Liquidity also loved in the rest of Europe
The report also compares data from some European countries, which show that the ability to cope with emergencies with cash reserves is not just an Italian art. The composition of the financial piggy bank of many countries across the border shows the point of view of the Germans and the Spaniards on the destination of their savings: they too prefer liquidity, considering it a practical and vital lifesaver for families.
The actions and Mutual funds of investment, immediately after deposits and cash, constitute the most relevant part of the wealth citizens’ finance for many European states, with percentages on the total ranging from 26% in Germany, passing to 29% in France up to the primacy of 43.8% in Spain. Italy, with its 39% percentage invested in equities, is second after Spain, but boasts the primacy of the portfolio share destined to government bonds, which represents 4.3% of the total, compared to an average European by 1.6%.
Virtuous Italians and unwilling to go into debt
In the Western European landscape, the map of net financial wealth describes the Italians as a virtuous people and, despite the income uncertainties and the increased spending also due to the surge in inflation, the less inclined to support needs and consumption by resorting to debt.
With respect to disposable income, in Italy the percentage of debt is 6%, while in France it is 1%, just over 0.9% in Germany and Spain. It follows that net financial wealth is, compared to disposable income, equal to 3.4% in Italy, 2.8% in France, 2.6% in Germany and 2.5% in Spain.
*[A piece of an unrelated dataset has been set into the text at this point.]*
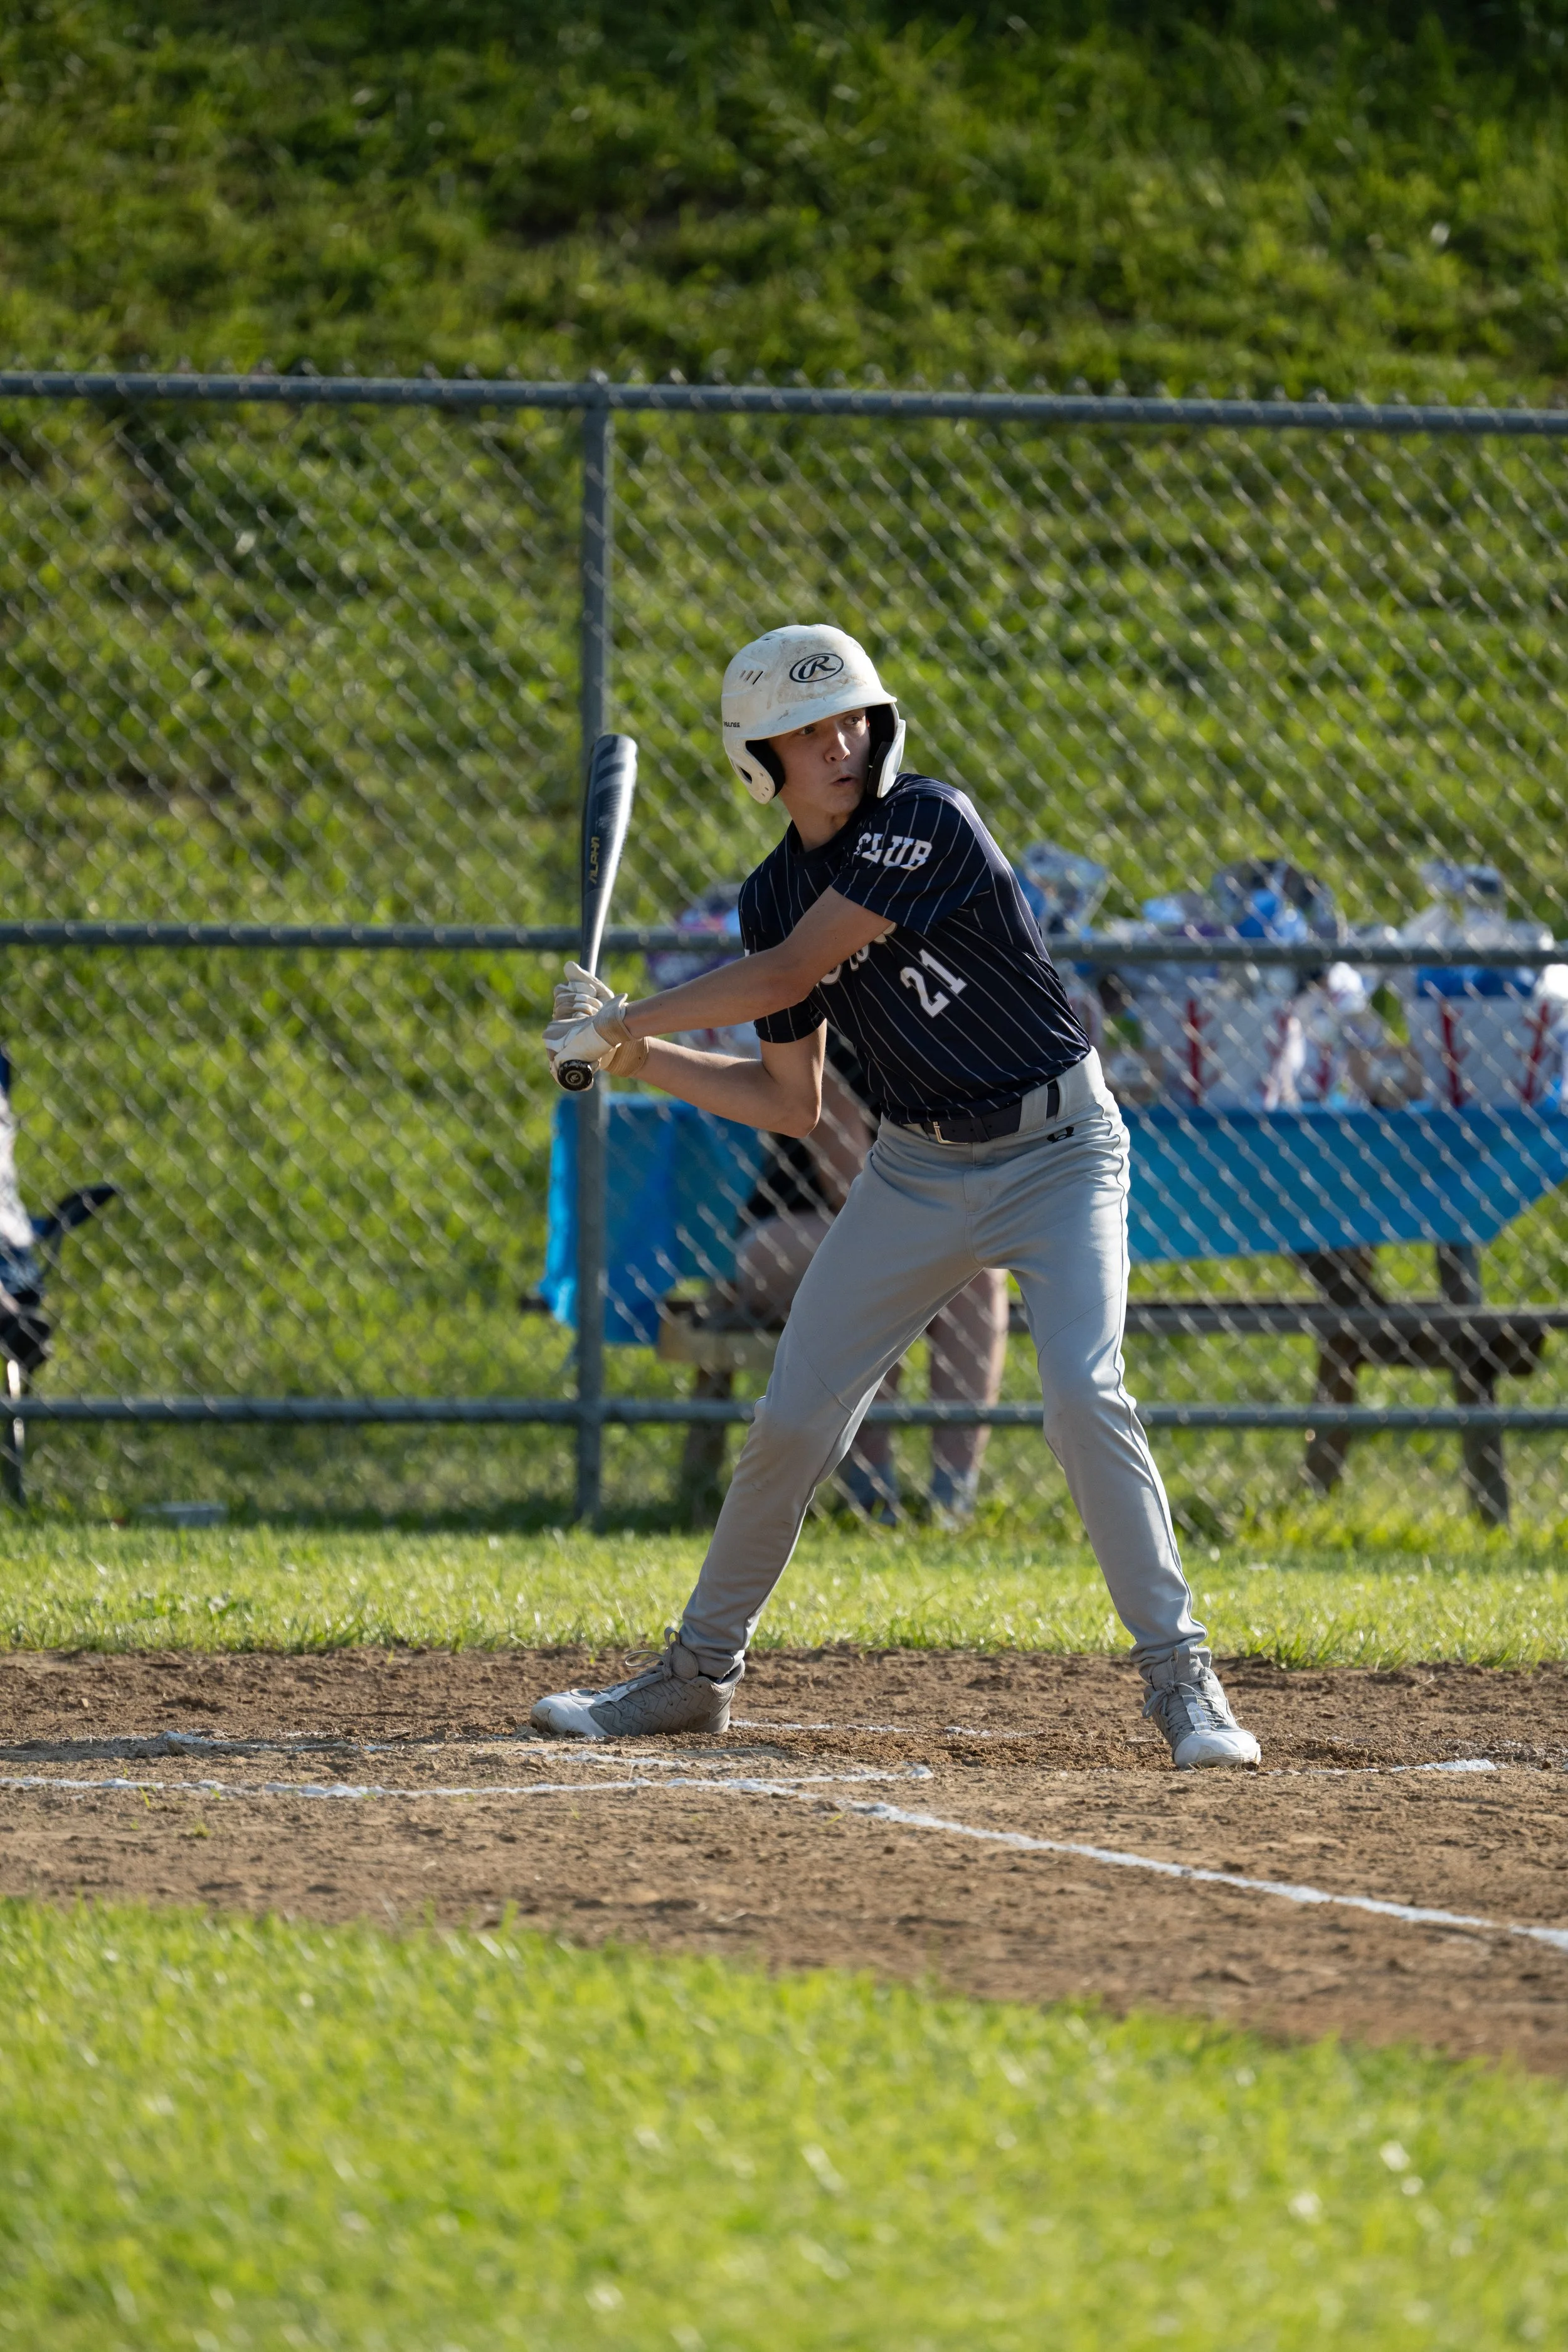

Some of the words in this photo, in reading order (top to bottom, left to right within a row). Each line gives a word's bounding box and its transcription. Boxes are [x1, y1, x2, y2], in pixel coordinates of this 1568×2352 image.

[590, 836, 600, 884] ALPHA
[853, 832, 933, 871] CLUB
[900, 948, 967, 1018] 21
Despite the increase in poverty and the growing difficulty of families to cope with unexpected expenses, the percentage allocated to home loans is only 0.4%, a figure lower than that of France, Germany and Spain which on average absorb 0.7% for financial commitments. For all Western countries, home loans represent 70% of the financial resources committed to loans, while for Italy almost half and equal to only 40% of total loans.